A audiência na Corte de Apelação de Roma, na Itália, sobre o pedido da Justiça brasileira para que a ex-deputada Carla Zambelli seja extraditada começou nesta quarta-feira (10). Após suspensão, o julgamento deve continuar na quinta-feira (11).
A primeira decisão da Corte italiana sobre o pedido de extradição sairá dessa primeira audiência. Após a determinação, a defesa de Zambelli e a Justiça brasileira poderão recorrer, em até 15 dias, junto à Corte de Cassação. O processo será concluído pelo Ministério de Justiça da Itália.
Na terça-feira (10), o pedido feito pela defesa de Zambelli para troca de juízes foi negado. Os advogados da ex-deputada federal disseram haver falta de imparcialidade dos três magistrados que compõem o colegiado responsável por julgar o pedido de extradição. Para os defensores, em razão das decisões proferidas ao longo do processo, o posicionamento é favorável à solicitação da Justiça brasileira contra a ex-parlamentar.
A audiência de Zambelli foi adiada quatro vezes.
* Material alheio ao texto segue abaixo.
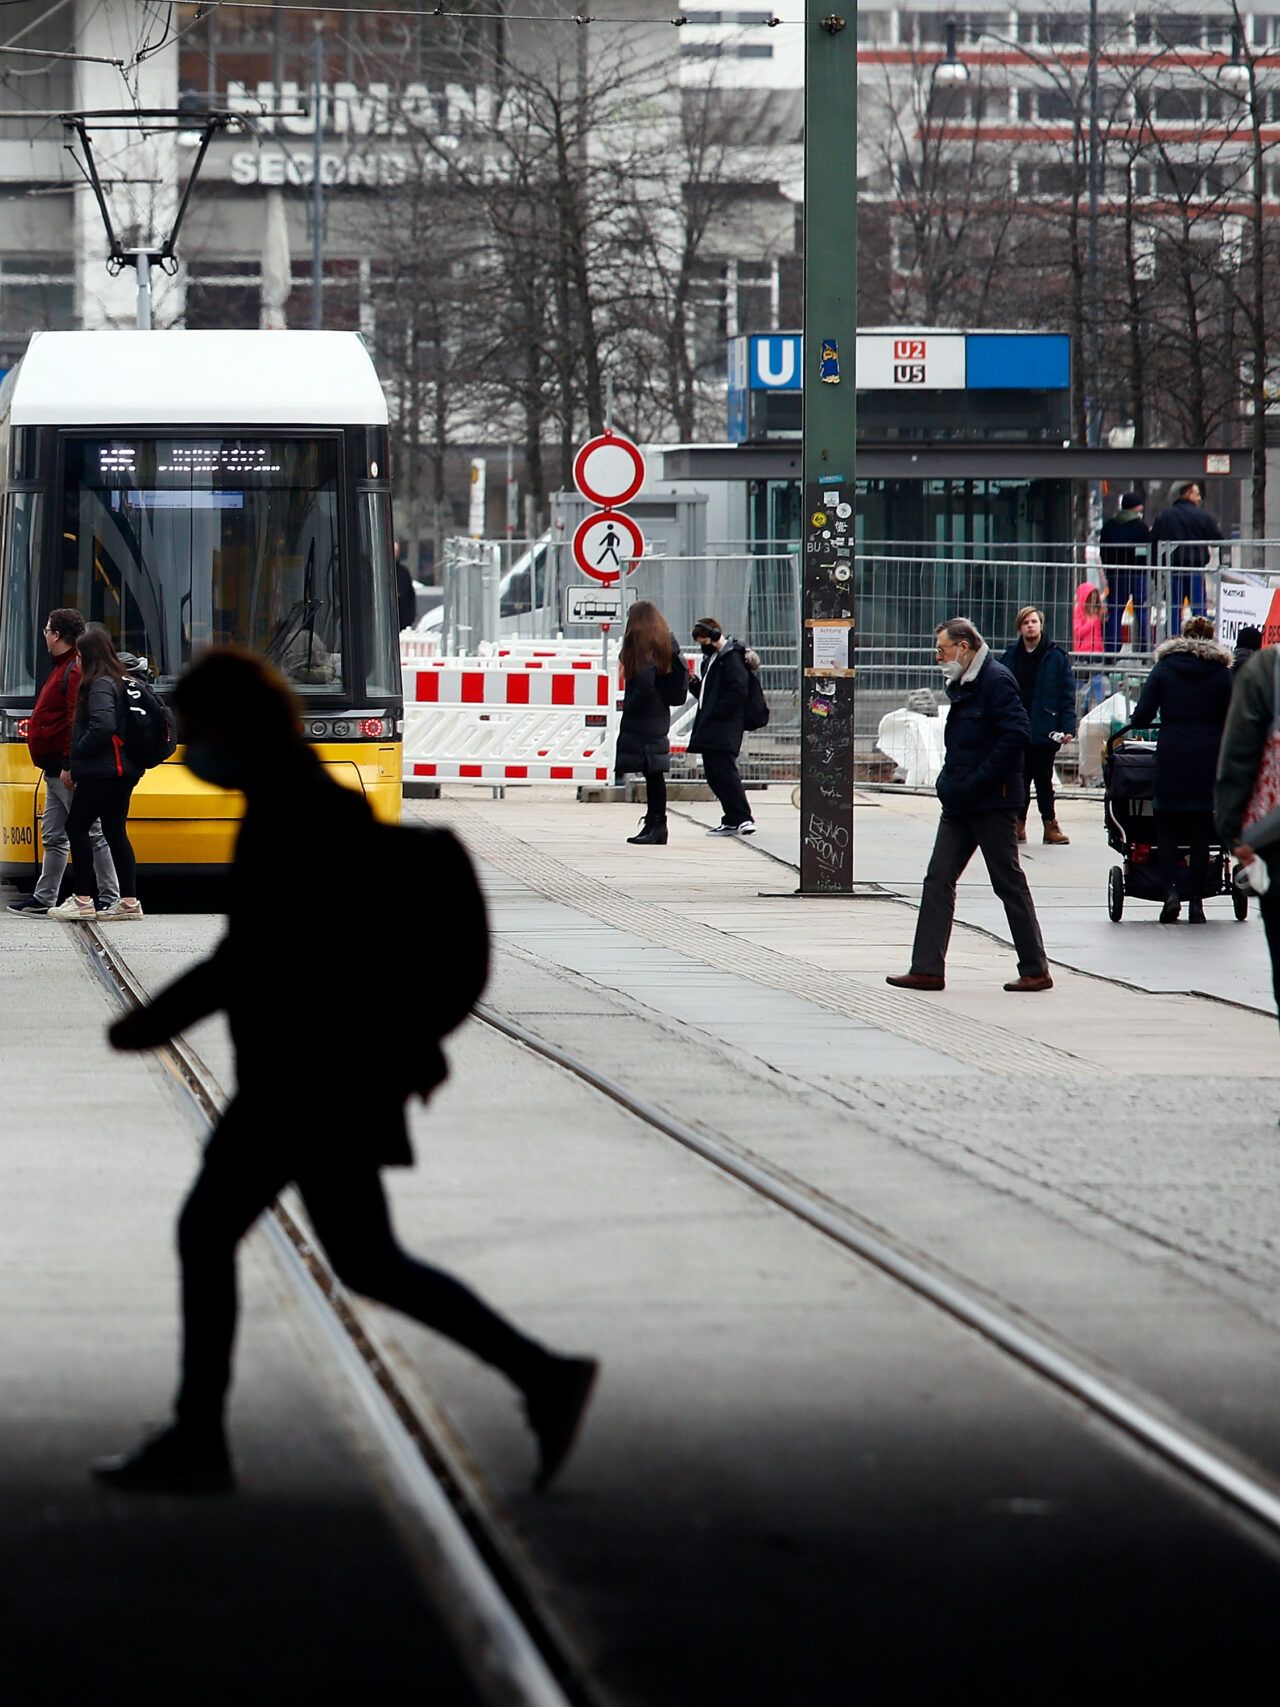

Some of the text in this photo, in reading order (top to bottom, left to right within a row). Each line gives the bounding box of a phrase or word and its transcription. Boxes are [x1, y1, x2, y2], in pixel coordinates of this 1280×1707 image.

[897, 341, 923, 358] U2
[757, 339, 795, 386] U
[897, 365, 923, 382] U5
[2, 826, 33, 845] B-8040
A última remarcação, em 20 de janeiro, foi por determinação da Corte de Apelação de Roma, que não conseguiu tempo suficiente para analisar as informações enviadas pelo governo brasileiro em relação ao lugar onde a ex-deputada federal ficará detida em caso de retorno ao Brasil. Em caso de extradição, a Penitenciária Feminina do Distrito Federal, conhecida como “Colmeia”, custodiará a ex-parlamentar.
Desde julho de 2025, Carla Zambelli está presa preventivamente na Penitenciária de Rebibbia, em Roma, na Itália. Em 2025, a ex-deputada foi sentenciada pelo Supremo Tribunal Federal (STF) em dois processos.
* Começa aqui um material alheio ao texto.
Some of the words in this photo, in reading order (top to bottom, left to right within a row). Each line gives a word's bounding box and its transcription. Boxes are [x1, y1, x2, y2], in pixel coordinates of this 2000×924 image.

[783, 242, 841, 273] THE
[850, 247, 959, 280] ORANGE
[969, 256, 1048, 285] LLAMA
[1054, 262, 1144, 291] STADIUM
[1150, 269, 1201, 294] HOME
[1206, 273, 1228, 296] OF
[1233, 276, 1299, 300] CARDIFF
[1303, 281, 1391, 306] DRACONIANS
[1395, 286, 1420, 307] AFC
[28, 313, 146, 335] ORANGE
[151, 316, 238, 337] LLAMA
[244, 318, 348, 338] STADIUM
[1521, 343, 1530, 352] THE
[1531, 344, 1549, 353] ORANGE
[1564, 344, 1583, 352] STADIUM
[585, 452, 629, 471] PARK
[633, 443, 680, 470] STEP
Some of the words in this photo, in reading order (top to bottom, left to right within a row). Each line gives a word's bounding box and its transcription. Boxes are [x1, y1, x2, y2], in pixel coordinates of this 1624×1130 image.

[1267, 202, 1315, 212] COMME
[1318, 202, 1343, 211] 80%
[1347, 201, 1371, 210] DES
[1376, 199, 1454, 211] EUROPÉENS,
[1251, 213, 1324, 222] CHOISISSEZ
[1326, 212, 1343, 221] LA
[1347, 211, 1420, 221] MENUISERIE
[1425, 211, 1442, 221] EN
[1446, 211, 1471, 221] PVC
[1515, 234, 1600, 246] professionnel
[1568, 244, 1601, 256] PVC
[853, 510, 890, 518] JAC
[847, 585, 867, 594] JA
Relembre as condenações de Zambelli
Em maio de 2025, a Primeira Turma do STF condenou Carla Zambelli a 10 anos de prisão em regime inicialmente fechado por invasão aos sistemas do Conselho Nacional de Justiça (CNJ). No mesmo mês, a ex-deputada federal deixou o Brasil. De Buenos Aires, na Argentina, ela viajou para Flórida, nos Estados Unidos. Em junho, foi para a Itália, onde acreditava estar protegida em razão de sua cidadania italiana. No entanto, no mesmo dia de sua chegada ao país, a ex-parlamentar foi incluída na lista de difusão da Interpol.
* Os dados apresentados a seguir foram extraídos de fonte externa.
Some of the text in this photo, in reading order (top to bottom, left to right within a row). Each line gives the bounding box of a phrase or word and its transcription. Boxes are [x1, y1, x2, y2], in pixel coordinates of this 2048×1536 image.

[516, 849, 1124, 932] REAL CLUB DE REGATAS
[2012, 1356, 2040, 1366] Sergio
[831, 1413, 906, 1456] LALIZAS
Em agosto, o STF sentenciou Zambelli a cinco anos e três meses de prisão por porte ilegal de arma de fogo e constrangimento ilegal. A condenação foi em razão do episódio no qual a ex-deputada federal perseguiu um homem a mão armada por ruas de São Paulo, às vésperas das eleições de 2022.
O ministro Alexandre de Moraes, do STF, determinou, em dezembro, a revogação da decisão da Câmara dos Deputados em manter o mandato de Carla Zambelli. Dias depois, a ex-deputada federal renunciou ao cargo.